──────── Excerpted records
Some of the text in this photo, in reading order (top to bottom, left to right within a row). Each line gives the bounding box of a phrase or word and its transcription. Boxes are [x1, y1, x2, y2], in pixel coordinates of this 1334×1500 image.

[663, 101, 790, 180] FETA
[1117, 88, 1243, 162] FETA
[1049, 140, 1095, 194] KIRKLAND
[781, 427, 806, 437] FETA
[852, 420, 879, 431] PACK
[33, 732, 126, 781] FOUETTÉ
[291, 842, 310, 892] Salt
────────────────
Your task is to extract all of the records exactly.

> **Result of the task**:
Some of the text in this photo, in reading order (top to bottom, left to right within a row). Each line gives the bounding box of a phrase or word and its transcription. Boxes are [x1, y1, x2, y2], in pixel coordinates of this 1334×1500 image.

[663, 101, 790, 180] FETA
[1117, 88, 1243, 162] FETA
[1049, 140, 1095, 194] KIRKLAND
[781, 427, 806, 437] FETA
[852, 420, 879, 431] PACK
[33, 732, 126, 781] FOUETTÉ
[291, 842, 310, 892] Salt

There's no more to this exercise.